Records shown:
--
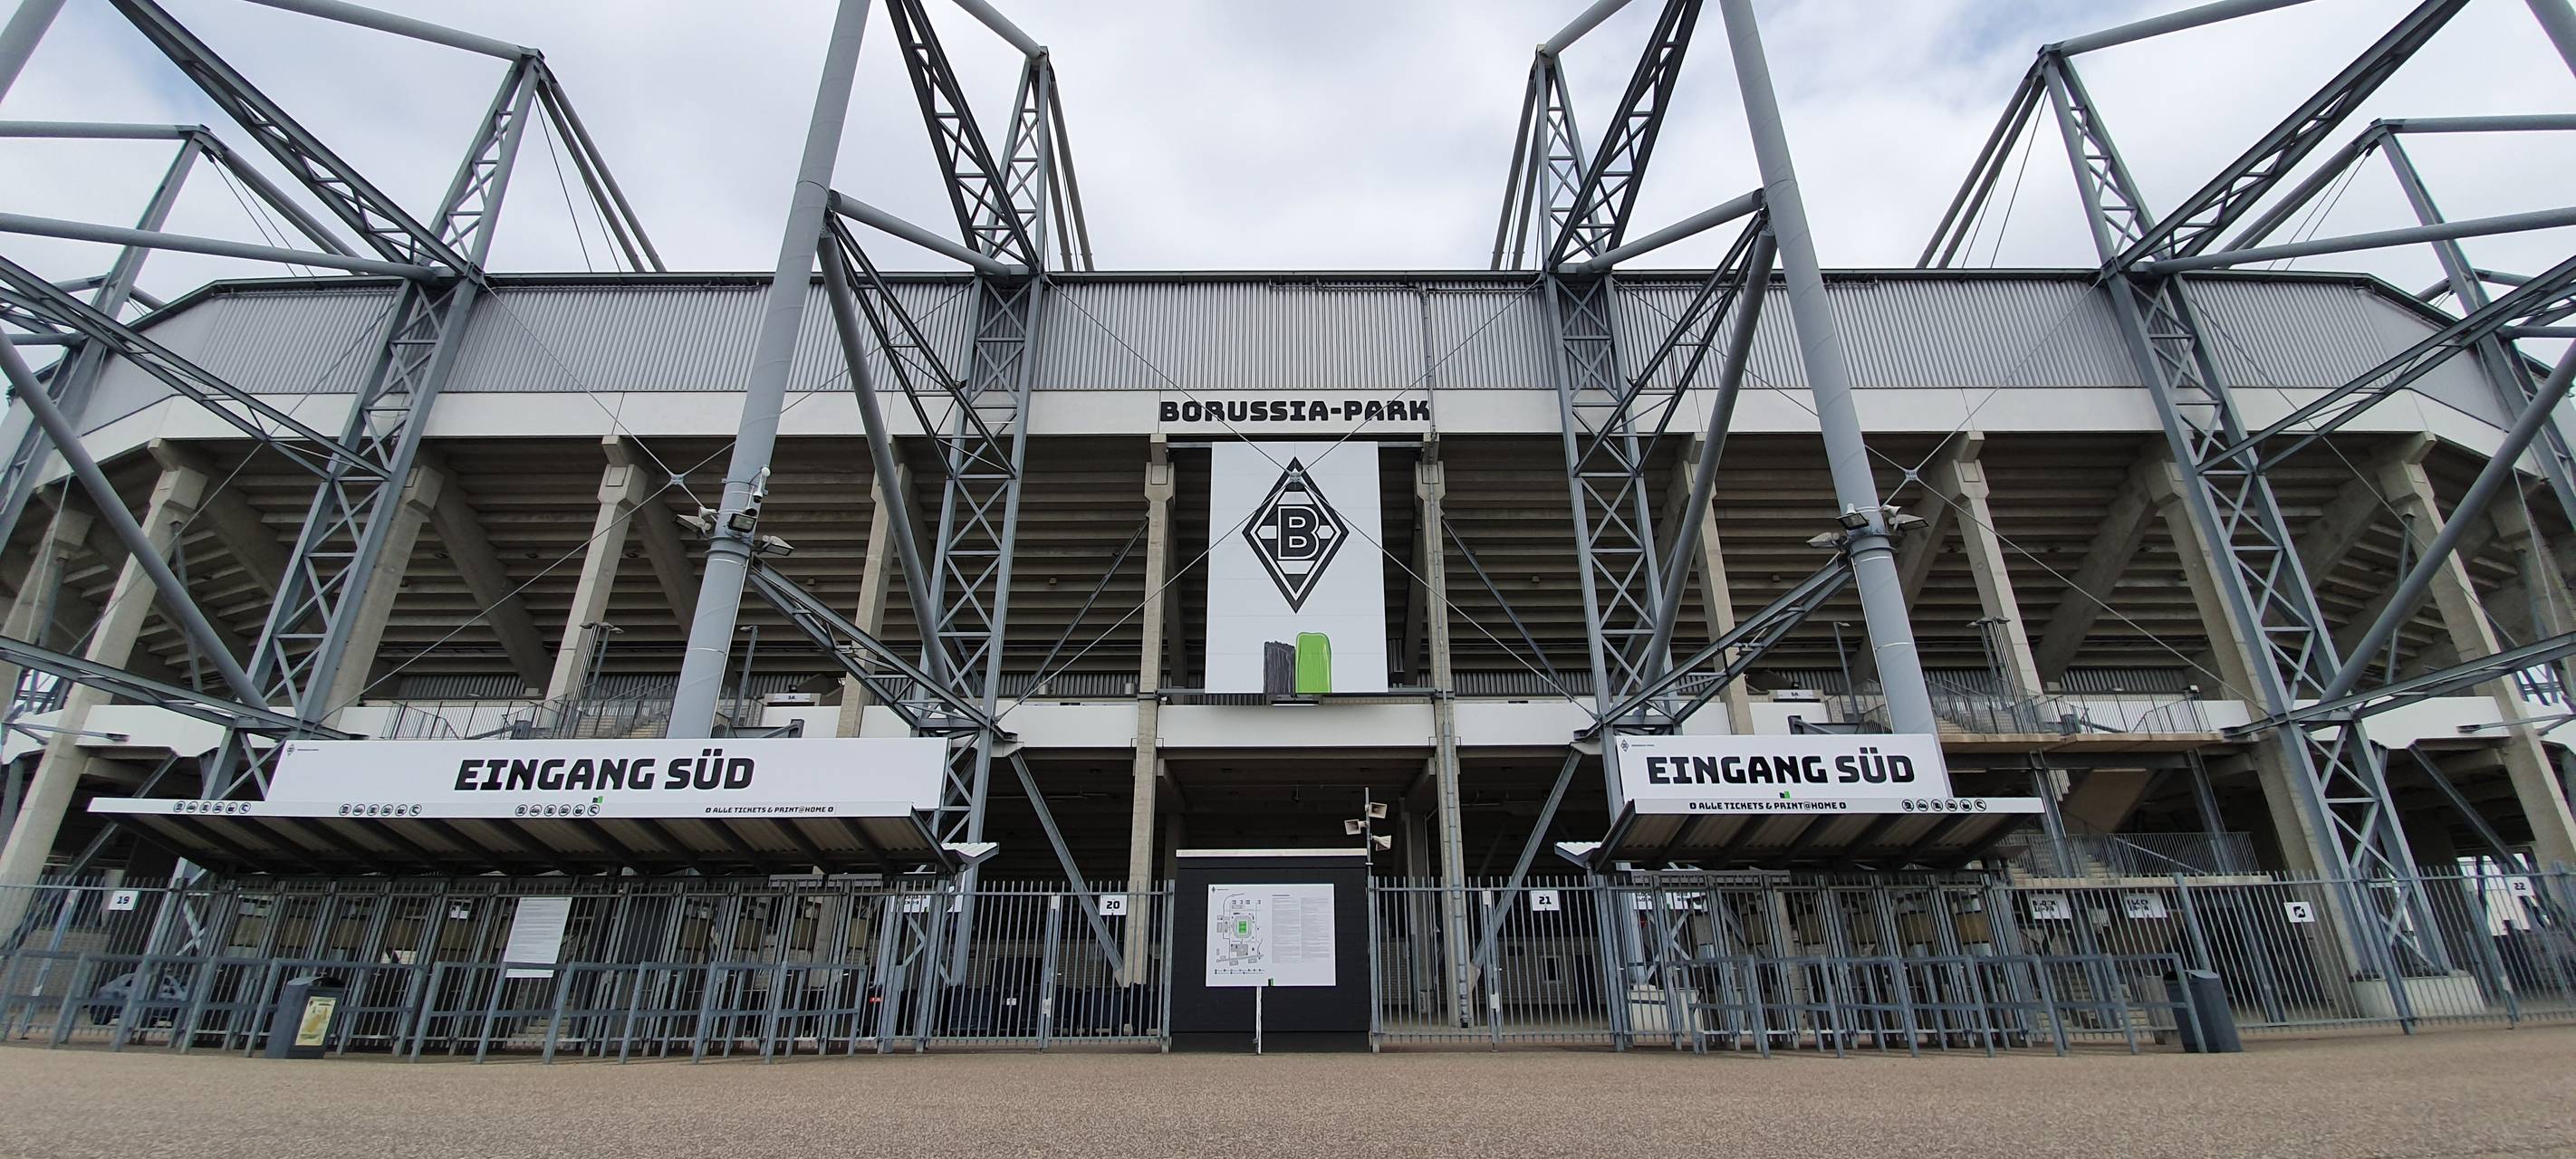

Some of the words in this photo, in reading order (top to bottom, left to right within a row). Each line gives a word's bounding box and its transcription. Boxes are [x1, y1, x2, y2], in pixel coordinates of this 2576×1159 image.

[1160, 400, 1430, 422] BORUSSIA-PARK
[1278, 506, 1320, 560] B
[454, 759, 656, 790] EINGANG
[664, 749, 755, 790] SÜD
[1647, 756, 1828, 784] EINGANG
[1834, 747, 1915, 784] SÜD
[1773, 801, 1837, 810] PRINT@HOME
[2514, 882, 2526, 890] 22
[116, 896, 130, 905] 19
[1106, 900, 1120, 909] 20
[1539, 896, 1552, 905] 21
--
Exercise description: Could every line above be set down exactly, with the pictures omitted?

Finished exercise:
Some of the words in this photo, in reading order (top to bottom, left to right within a row). Each line gives a word's bounding box and its transcription. Boxes are [x1, y1, x2, y2], in pixel coordinates of this 2576×1159 image.

[1160, 400, 1430, 422] BORUSSIA-PARK
[1278, 506, 1320, 560] B
[454, 759, 656, 790] EINGANG
[664, 749, 755, 790] SÜD
[1647, 756, 1828, 784] EINGANG
[1834, 747, 1915, 784] SÜD
[1773, 801, 1837, 810] PRINT@HOME
[2514, 882, 2526, 890] 22
[116, 896, 130, 905] 19
[1106, 900, 1120, 909] 20
[1539, 896, 1552, 905] 21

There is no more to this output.